We evaluated the physiological and antioxidant characteristics of Arabidopsis thaliana (At) plants grown in different sea water (SW) products containing trace elements, namely RO3, 300K, and 340K, at various dilutions. The synthetic water (namely 300K-Test), a mixture of the main ions of SW including 143.08 mg L-1 Mg2+, 5.74 mg L-1 Na+, 170 mg L-1 K+, and 33.5 mg L-1 Ca2+ with equal concentrations to those in 300K SW without trace elements, was also used to culture At plants and study the influences that the major ions had on regulating ethylene production. The ethylene-biosynthesis (ACS7 and ACO2) and senescence-associated (NAP, SAG113, and WRKY6) gene expressions in SW- and ionic-treated At plants in response to transcriptional signaling pathways of ethylene response mechanisms were also investigated. Our results show that down-regulation of the ACS7 gene in 300K-treated plants significantly reduced the ethylene content but remarkably increased chlorophyll, total phenol, and DPPH radical scavenging accumulations and strengthened the salt tolerance of 300K-treated plants. The expression of the ACS7 gene of At plants under 300K, Ca2+, Mg2+, and Na+ treatments was correlated with decreases in NAP, SAG113, and WRKY6 gene expressions.
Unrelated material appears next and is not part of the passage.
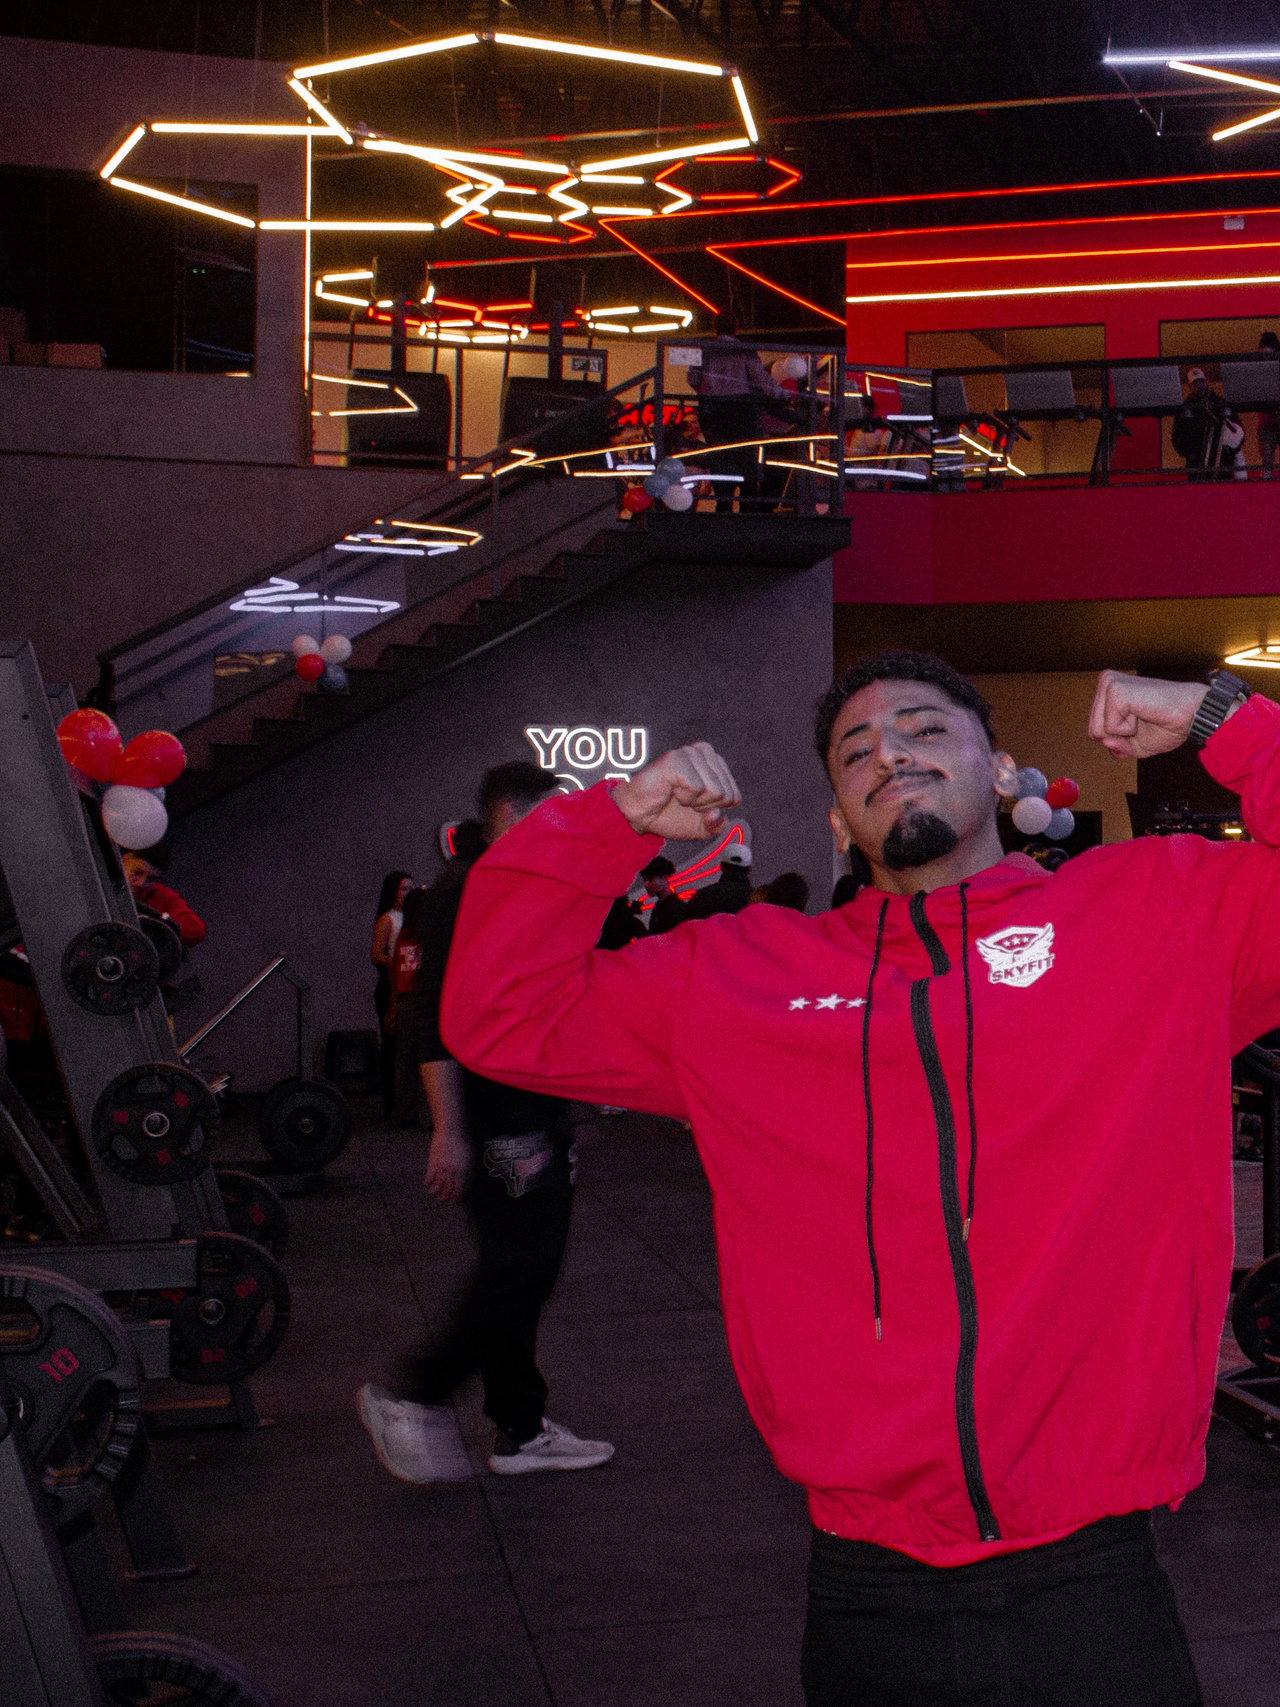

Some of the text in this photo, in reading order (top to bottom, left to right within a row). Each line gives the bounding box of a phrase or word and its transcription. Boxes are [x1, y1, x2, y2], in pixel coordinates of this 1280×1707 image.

[526, 727, 646, 769] YOU
[991, 956, 1054, 982] SKYFIT
[39, 1347, 80, 1382] 10
The application of Ca2+ increased total phenol content and reduced the accumulation of superoxide, which in combination decreases plant aging brought on by ethylene. However, K+ treatment inhibited SGA113 gene expression, resulting in reducing ACS7 gene expression and ethylene content. The characterization and functional analysis of these genes should facilitate our understanding of ethylene response mechanisms in plants.